Many people believe assisted suicide is against their religious beliefs; however, these same people hold contradictory views. In a questionnaire conducted by Maria Bulmer and Gary J. Lewis, many people who stated they were “moderately religious” to “very religious” were also against assisted suicide. These people stated they did not believe in physician assisted suicide because it “takes the power away from God” (Bulmer).  While believing that dying is a natural course in life, those same proponents take new medication for their illness that have the potential of curing them. To choose technology and medication over divine or natural issues illustrates that those in the test study have conflicting beliefs.

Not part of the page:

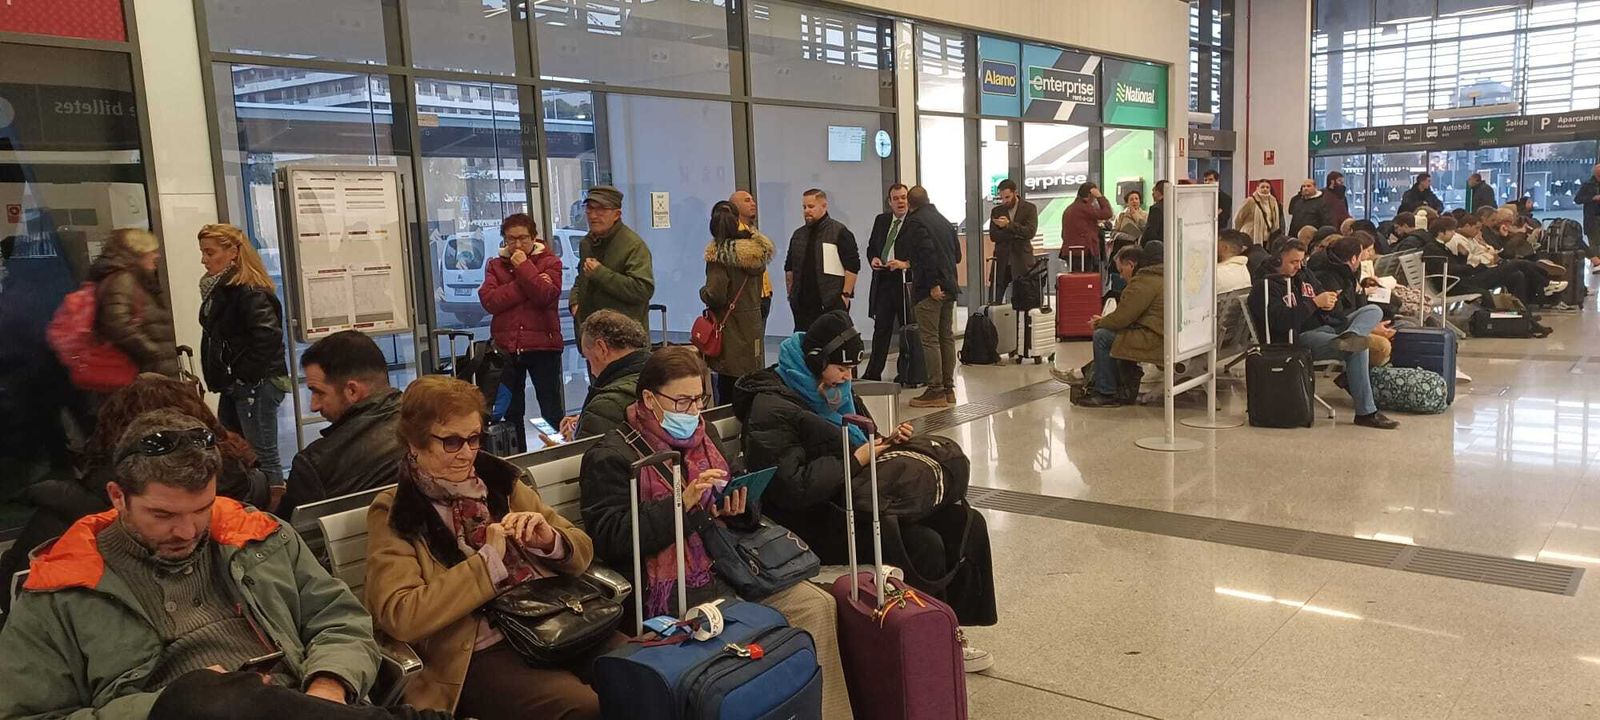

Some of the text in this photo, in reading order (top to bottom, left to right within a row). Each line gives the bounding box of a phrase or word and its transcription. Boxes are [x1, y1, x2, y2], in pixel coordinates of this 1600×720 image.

They are defying “God’s power” in the opposite way, making themselves live longer. If the people who believe God chooses when someone dies, they should stick to their word and let life take its natural course without any medication to live longer or shorter. Most religions allow their followers to take general medicine without concern of their loyalty to the religion. Religion is a big influence on one’s belief’s; however, if it was a very dangerous medicine that had even a slight chance of working on a patient, most people would still take the chance to live. This shows that Americans are willing to risk death, through the use is experimental medications, even if it makes them suffer and has the potential to kill them anyways. Assisted suicide is taking a medication to relieve these people from the pain and suffering that is upon them every day. If there isn’t a medication that can help these terminally ill patients anymore, assisted suicide can at least stop the pain. Some people who are against the legalization of physician-assisted suicide state that it defies their morality and beliefs (Bulmer). Although, this doesn’t go against their moral compass because it is a totally voluntary procedure and no one would be forced or required to use this method of medicine. All that proponents for the legalization of assisted suicide wish is to have complete control over their body and choices (Span). Proponents for the legalization of physician-assisted suicide just want to be able to have the option of this procedure. 

If made a more accepted policy throughout the United States, this could have an enormous impact on the world today. Healthcare costs are rising along with insurance rates causing healthcare to be hardly affordable for some families. This will become a bigger issue in the near future as the baby boomer age is aging. More and more people will be asking for assisted suicide due merely to the fact that they can no longer afford to keep paying for these expensive medications and medical bills.  A large amount of healthcare expenditures occur at the end of life. A large amount of the money we spend on healthcare occurs in the last few months of life before someone dies. Having the option of assisted suicide would create less strain on the healthcare budget and on families. Having the option of assisted suicide would lower medical bills allowing families to have a larger amount of money to spend after the death of the loved one. This could greatly help families who do not have the money to afford these expensive bills and could relieve these families from huge amount of debt along with mourning the death. Having the mere option of assisted suicide could greatly improve our country and even our own futures. No one knows the fate of our death and what we might be dealing with in these last couple months of our lives.